### WORK TO COMPLETE
All of the data should be repeated exactly; pictures are not part of the copy.

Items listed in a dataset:
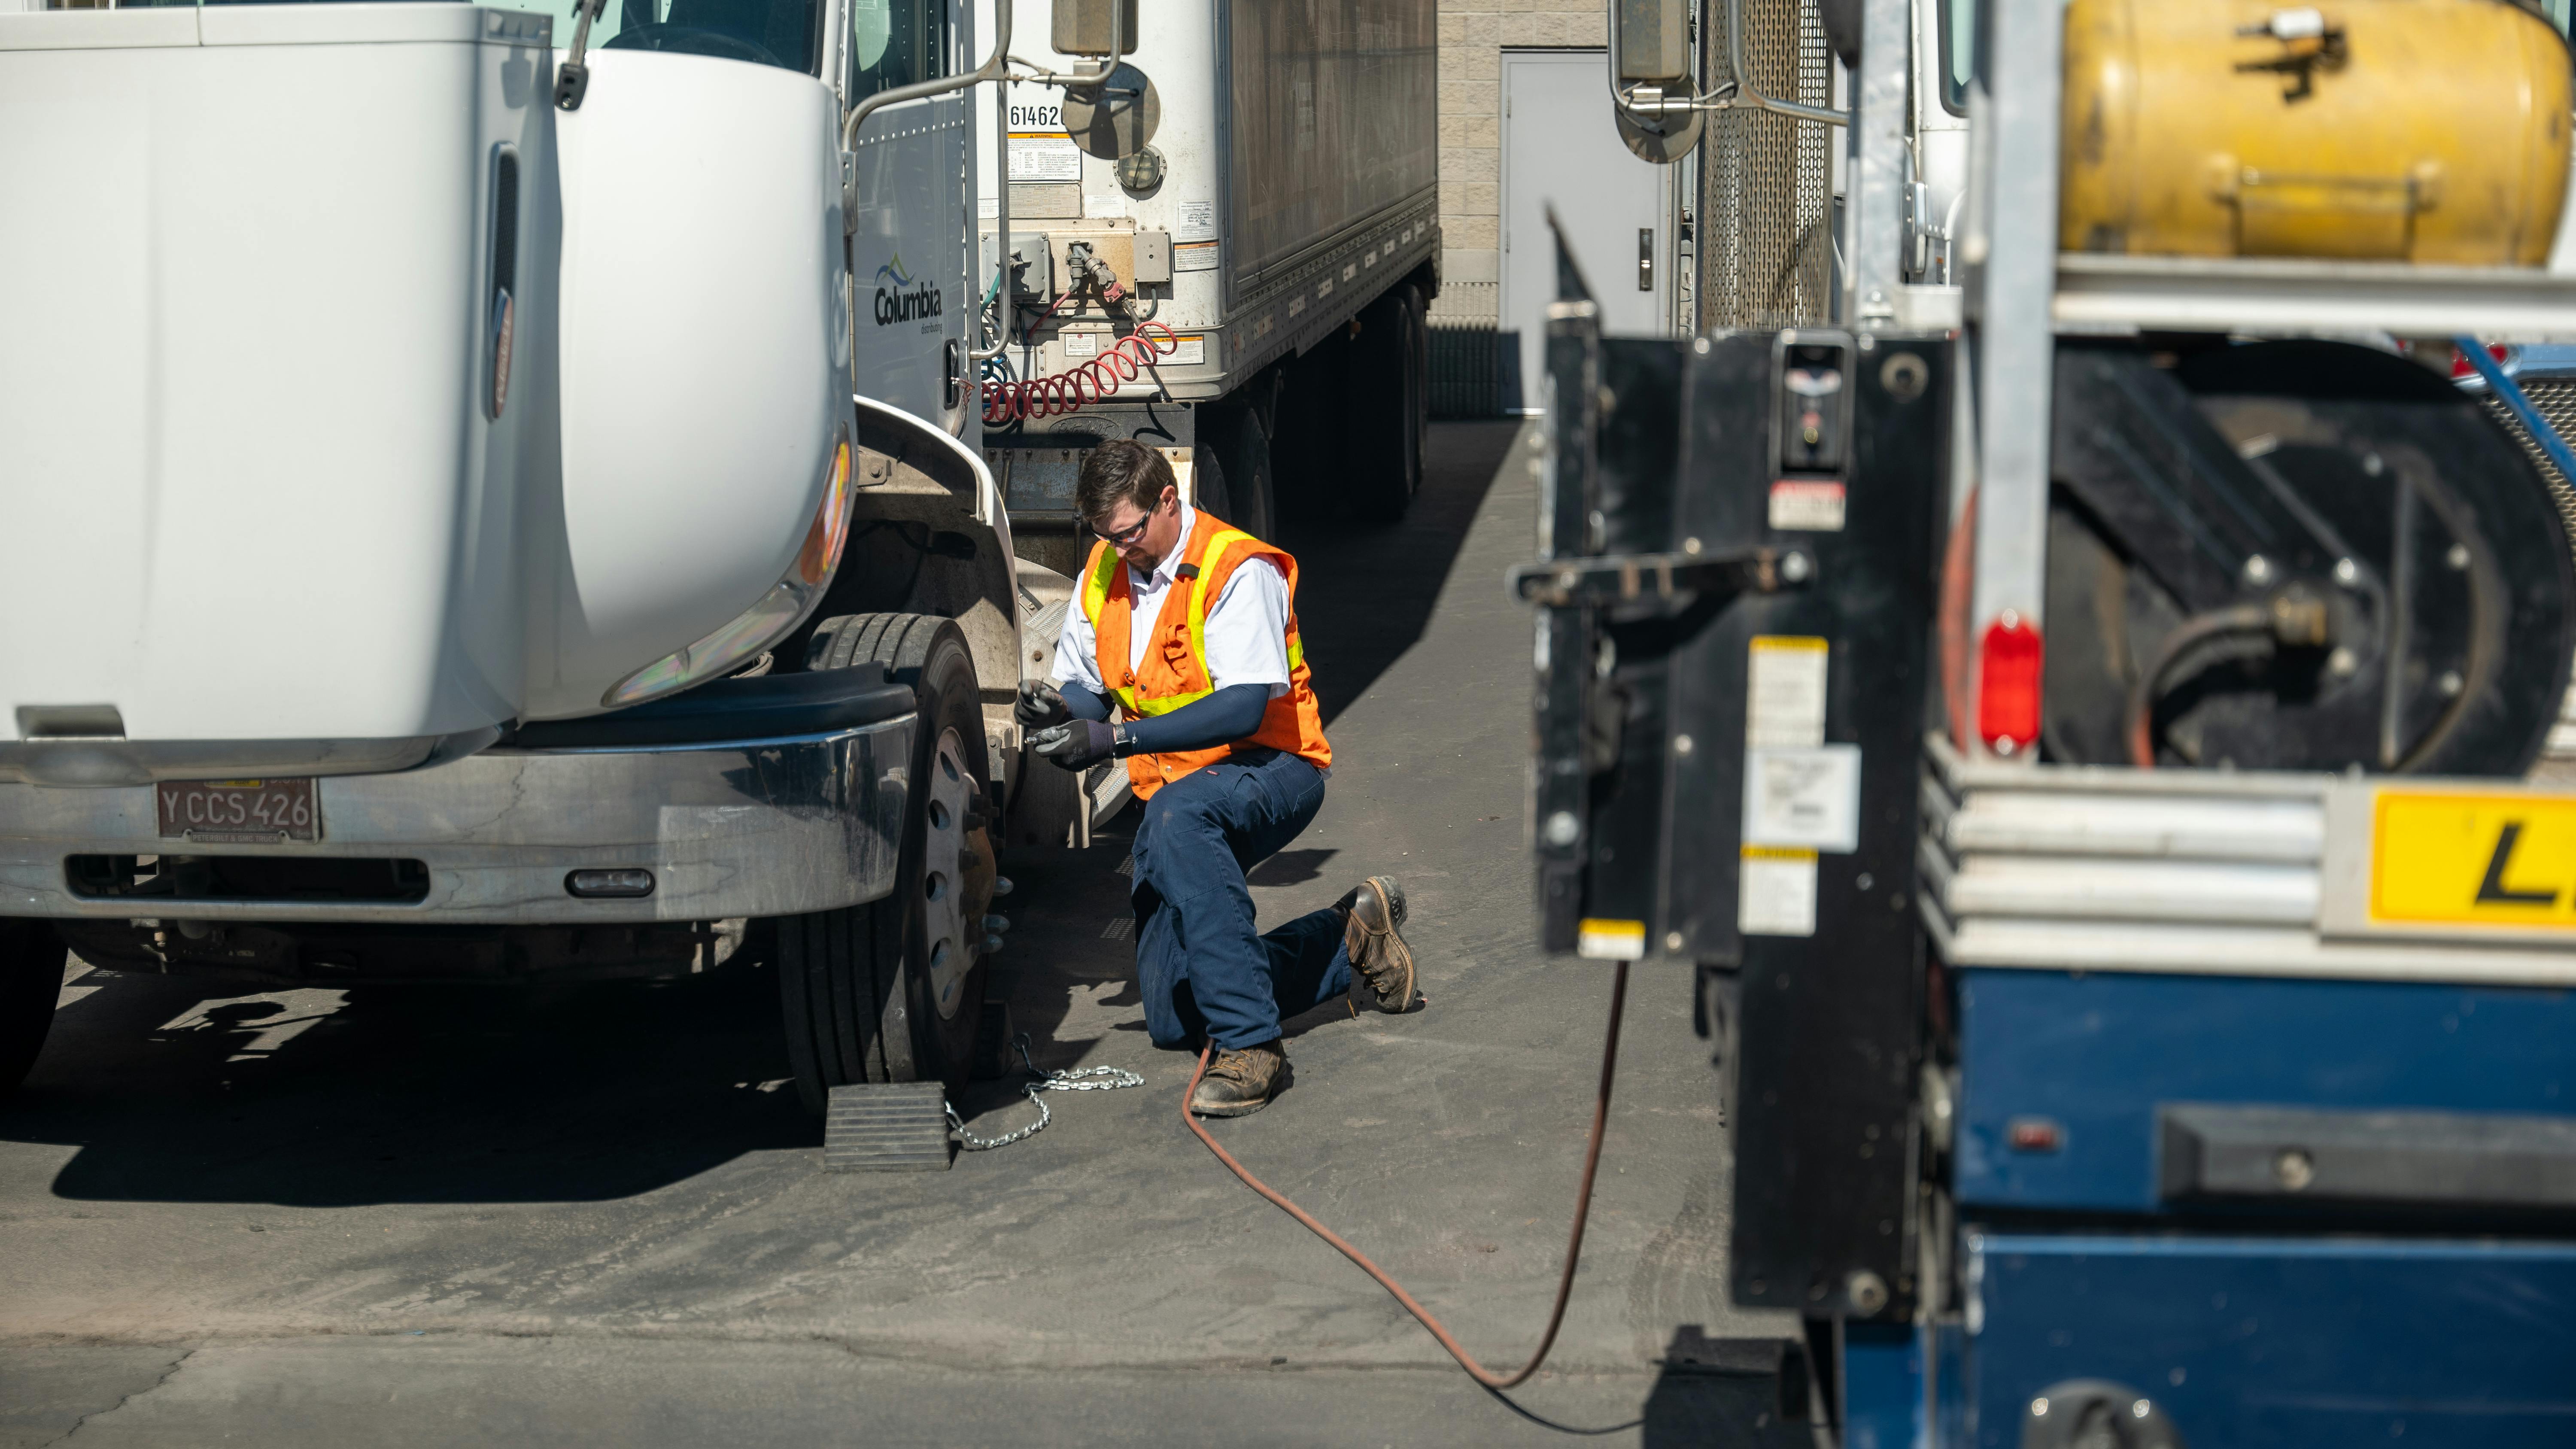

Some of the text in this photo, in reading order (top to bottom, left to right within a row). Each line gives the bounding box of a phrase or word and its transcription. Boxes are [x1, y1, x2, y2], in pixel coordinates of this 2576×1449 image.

[875, 280, 942, 326] Columbia
[921, 322, 942, 334] distributing
[252, 793, 309, 826] 426
[2475, 823, 2576, 906] L

### EXERCISE SOLUTION
Some of the text in this photo, in reading order (top to bottom, left to right within a row). Each line gives the bounding box of a phrase or word and its transcription. Boxes are [x1, y1, x2, y2], in pixel coordinates of this 2576×1449 image.

[875, 280, 942, 326] Columbia
[921, 322, 942, 334] distributing
[252, 793, 309, 826] 426
[2475, 823, 2576, 906] L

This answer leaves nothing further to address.